An exact copy of every record is needed, with all pictures omitted.

──────── DATA SUPPLIED ────────

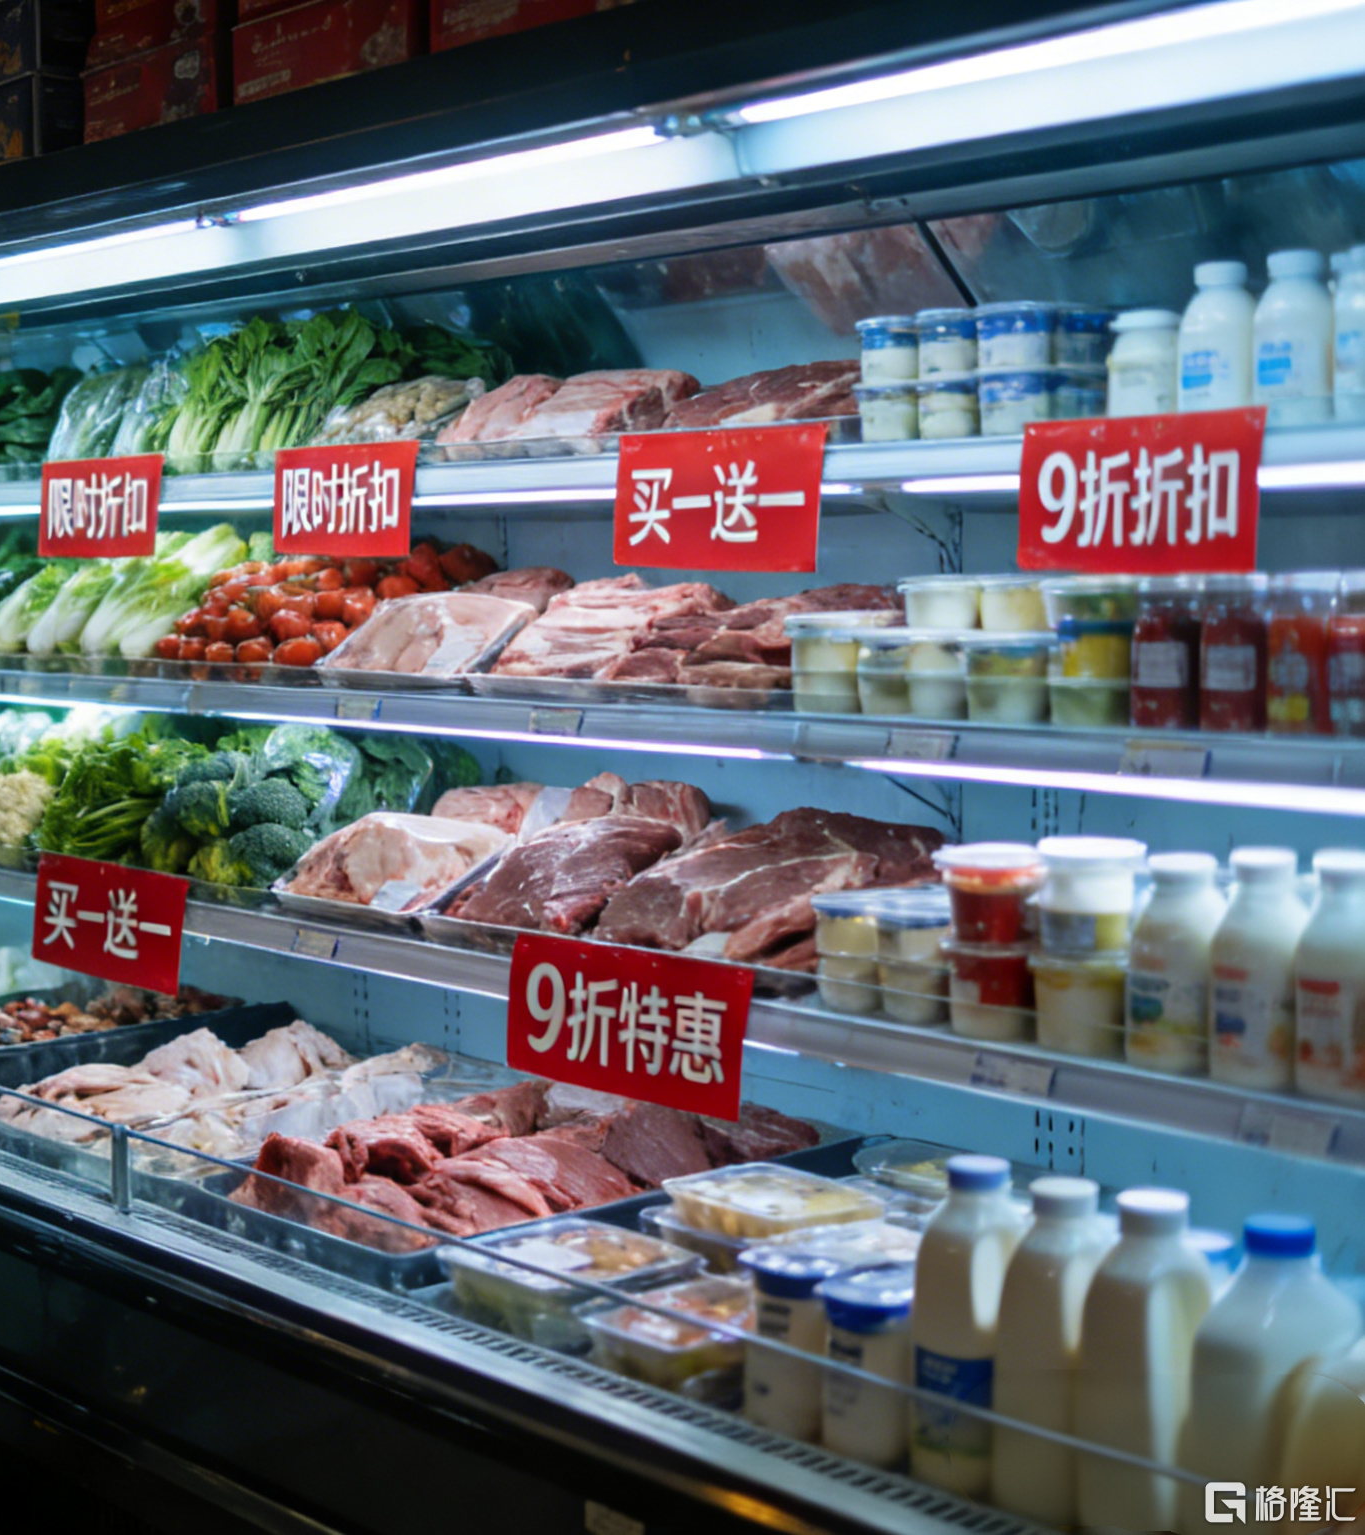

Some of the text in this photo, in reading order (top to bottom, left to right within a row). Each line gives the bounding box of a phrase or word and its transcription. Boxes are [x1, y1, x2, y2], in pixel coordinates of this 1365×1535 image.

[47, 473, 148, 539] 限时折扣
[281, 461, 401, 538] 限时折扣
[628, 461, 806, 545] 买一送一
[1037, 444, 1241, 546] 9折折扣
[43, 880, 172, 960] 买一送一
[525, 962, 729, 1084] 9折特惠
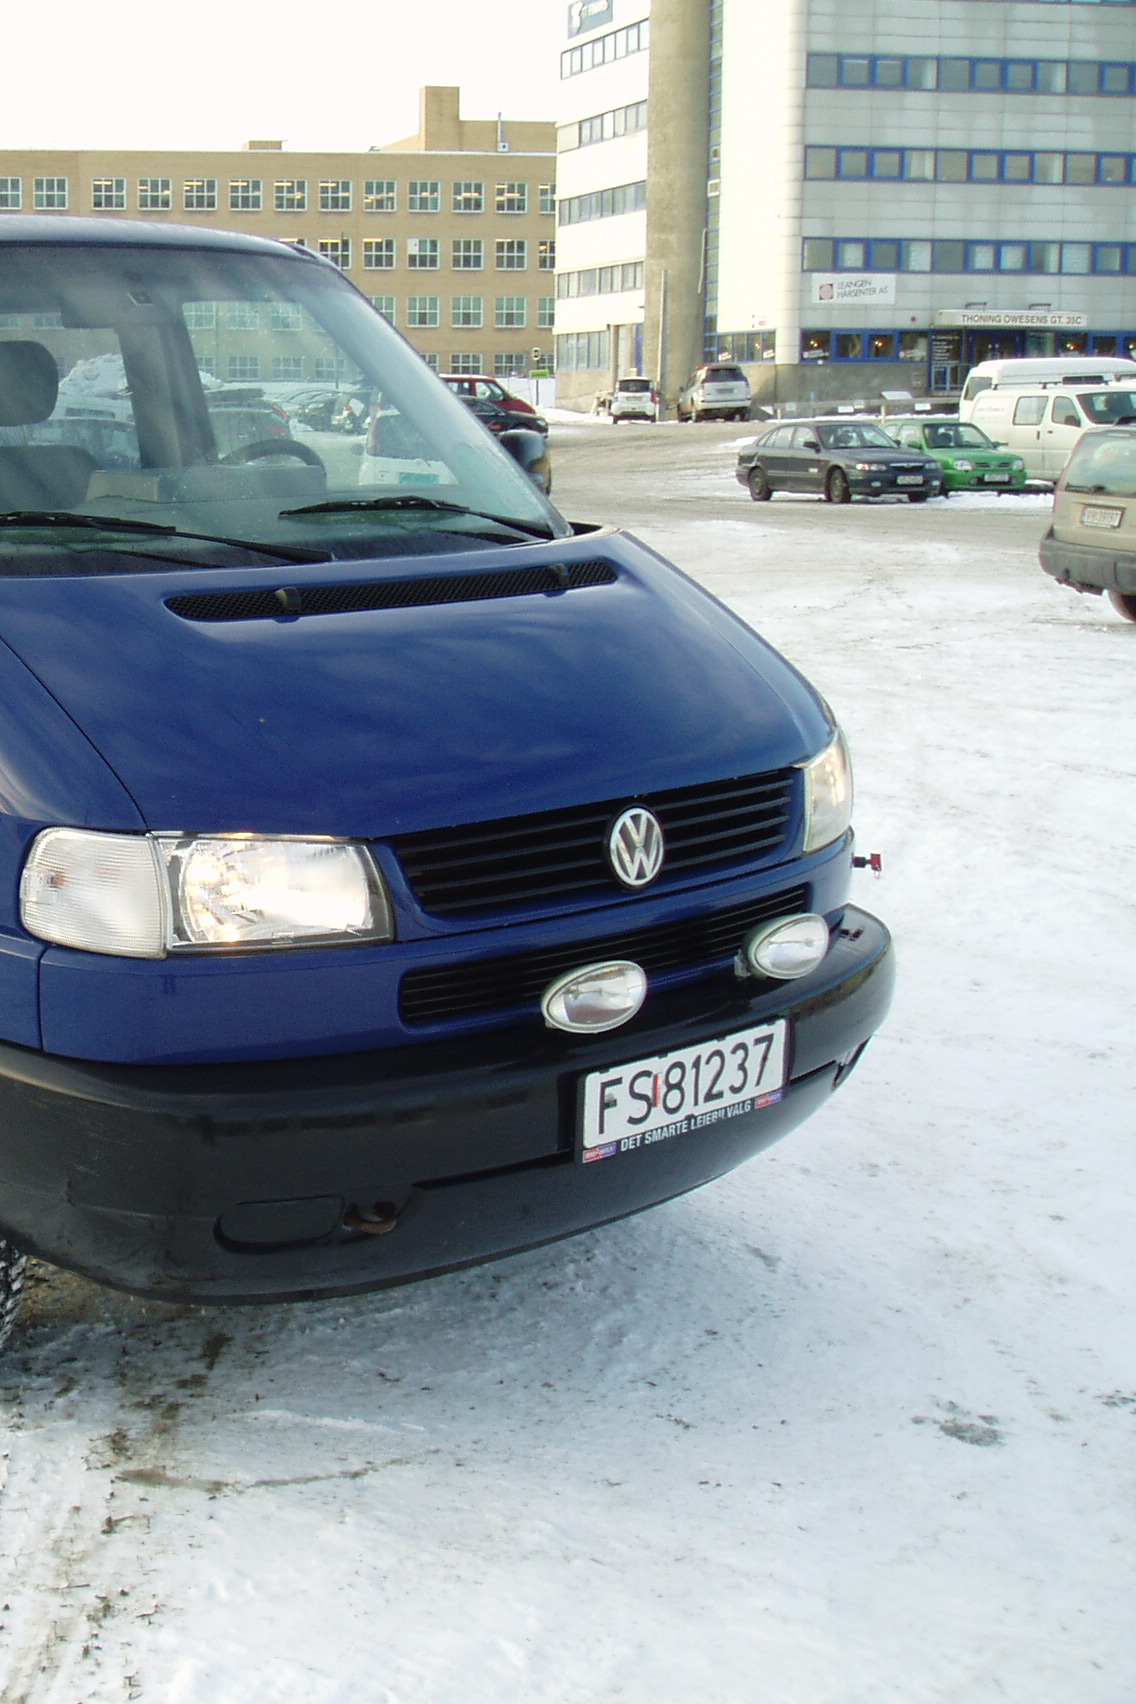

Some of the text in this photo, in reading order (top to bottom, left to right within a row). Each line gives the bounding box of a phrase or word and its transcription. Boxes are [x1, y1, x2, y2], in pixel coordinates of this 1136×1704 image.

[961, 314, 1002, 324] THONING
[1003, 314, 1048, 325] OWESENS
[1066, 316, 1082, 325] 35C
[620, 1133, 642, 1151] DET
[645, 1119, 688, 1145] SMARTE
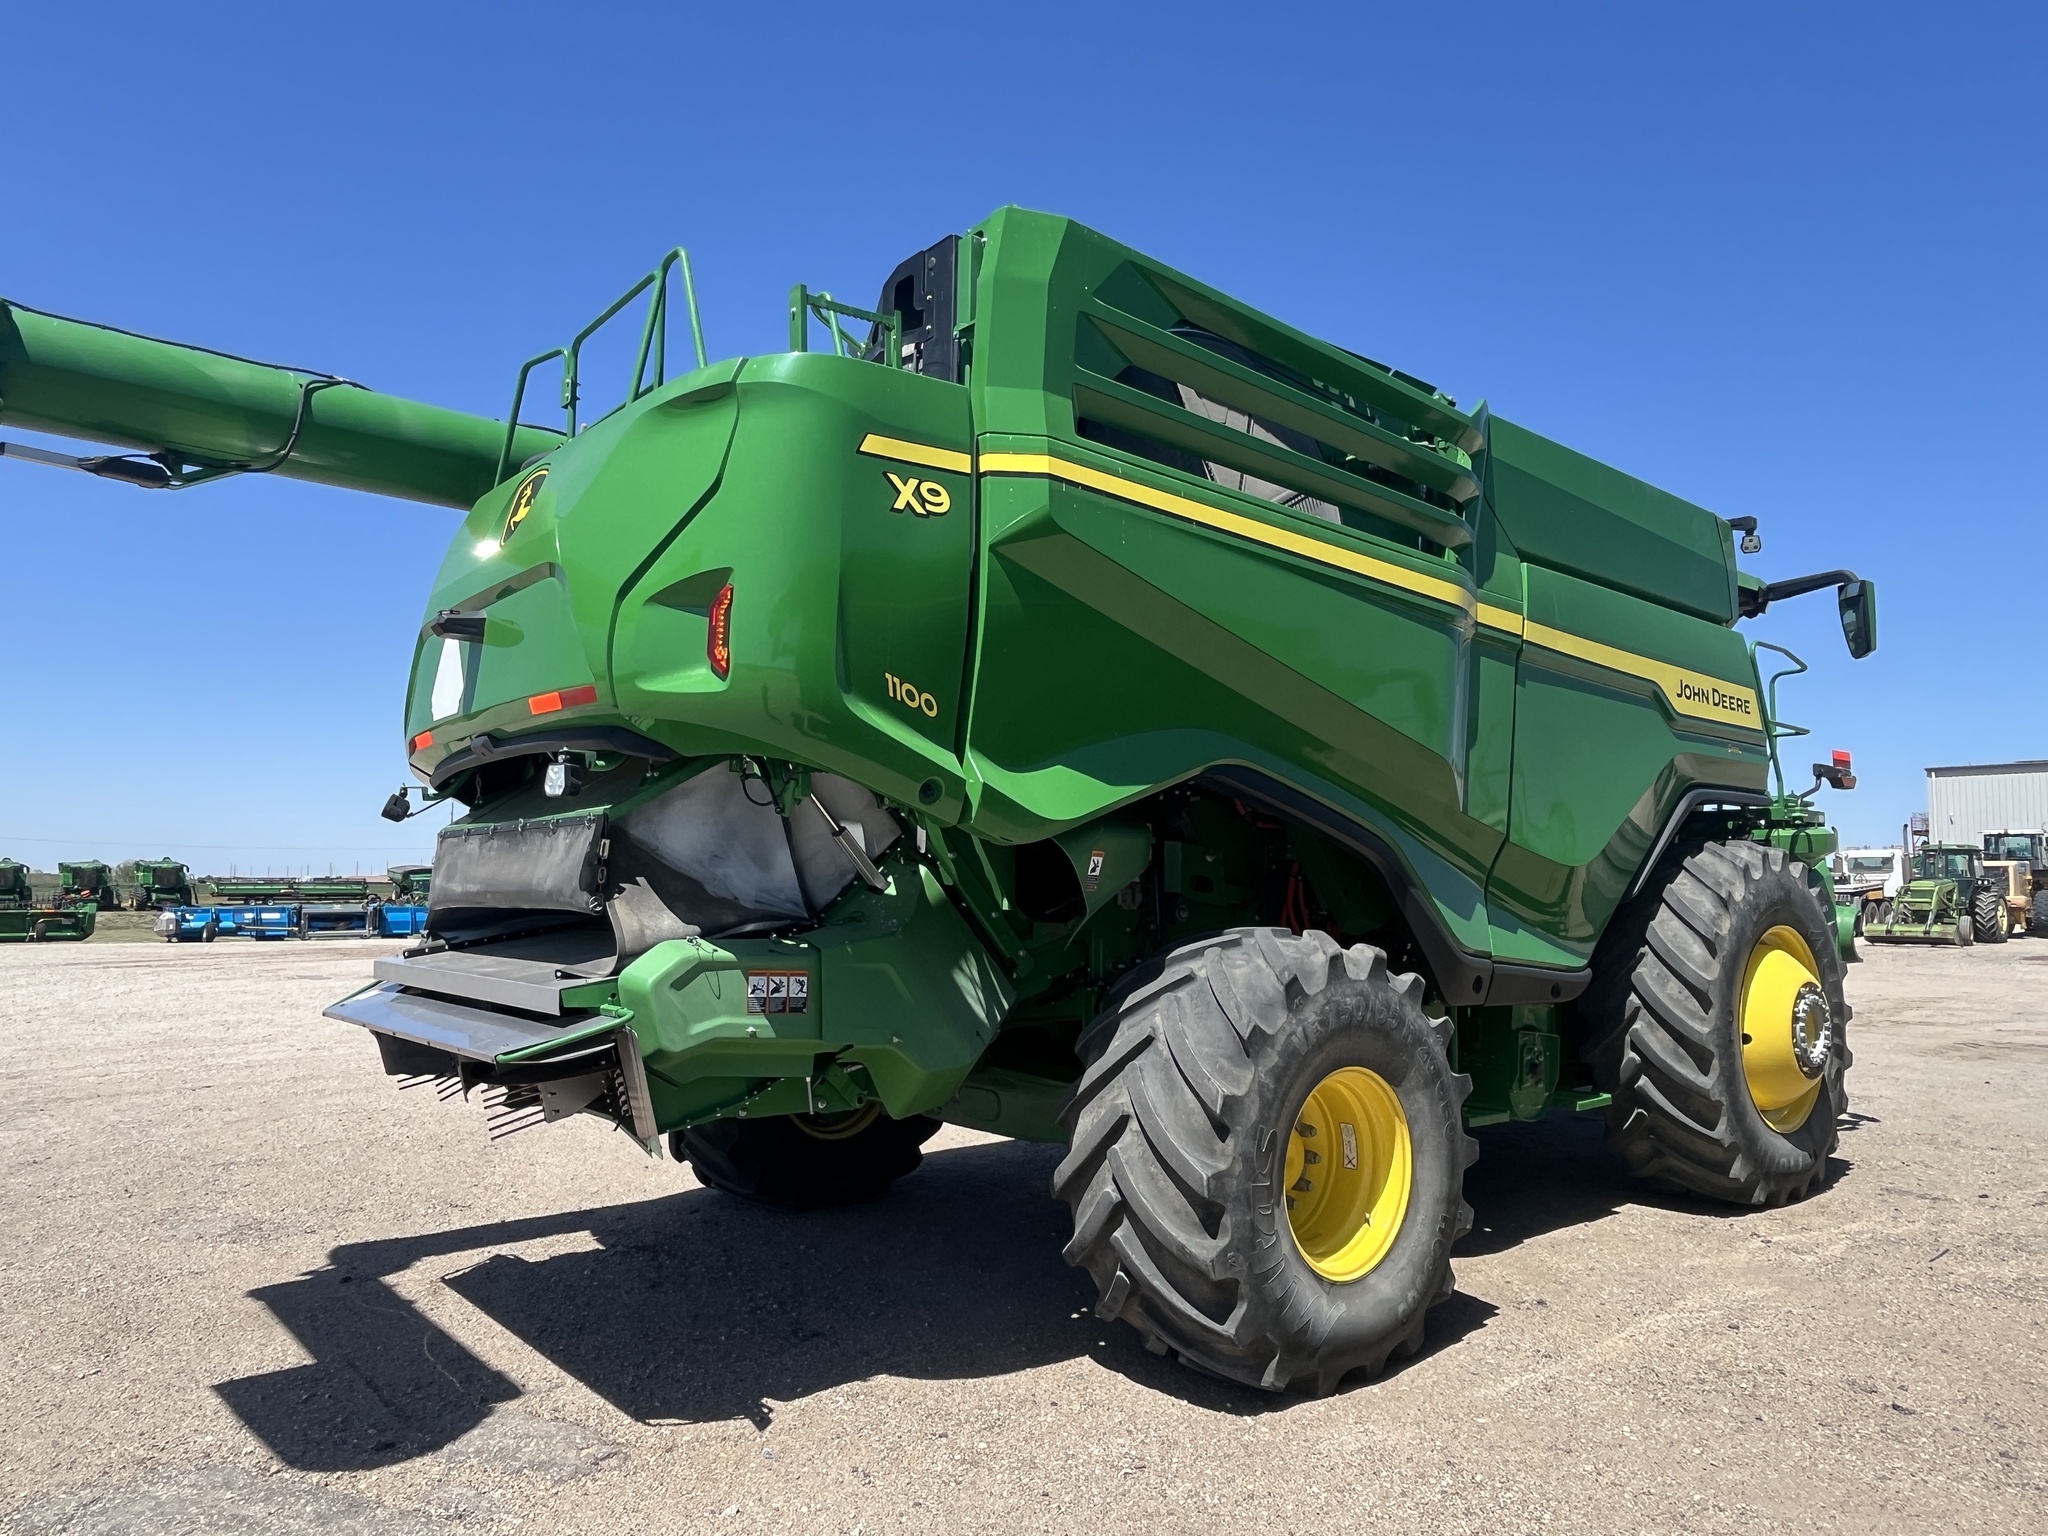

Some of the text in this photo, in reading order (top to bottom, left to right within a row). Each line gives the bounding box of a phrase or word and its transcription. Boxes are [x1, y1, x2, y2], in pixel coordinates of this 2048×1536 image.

────────

▶ SOLVED PROBLEM:
Some of the text in this photo, in reading order (top to bottom, left to right within a row). Each line gives the bounding box of a phrase or word and its transcription. Boxes are [x1, y1, x2, y2], in pixel coordinates of this 1365×1535 image.

[47, 473, 148, 539] 限时折扣
[281, 461, 401, 538] 限时折扣
[628, 461, 806, 545] 买一送一
[1037, 444, 1241, 546] 9折折扣
[43, 880, 172, 960] 买一送一
[525, 962, 729, 1084] 9折特惠

Some of the text in this photo, in reading order (top to bottom, left to right within a row). Each line gives the bounding box of a phrase or word and its transcription. Boxes are [x1, y1, x2, y2], in pixel coordinates of this 1136×1704 image.

[961, 314, 1002, 324] THONING
[1003, 314, 1048, 325] OWESENS
[1066, 316, 1082, 325] 35C
[620, 1133, 642, 1151] DET
[645, 1119, 688, 1145] SMARTE

Some of the text in this photo, in reading order (top to bottom, left to right within a row). Each line gives the bounding box of a phrase or word and its transcription. Boxes are [x1, y1, x2, y2], in pixel coordinates of this 2048×1536 image.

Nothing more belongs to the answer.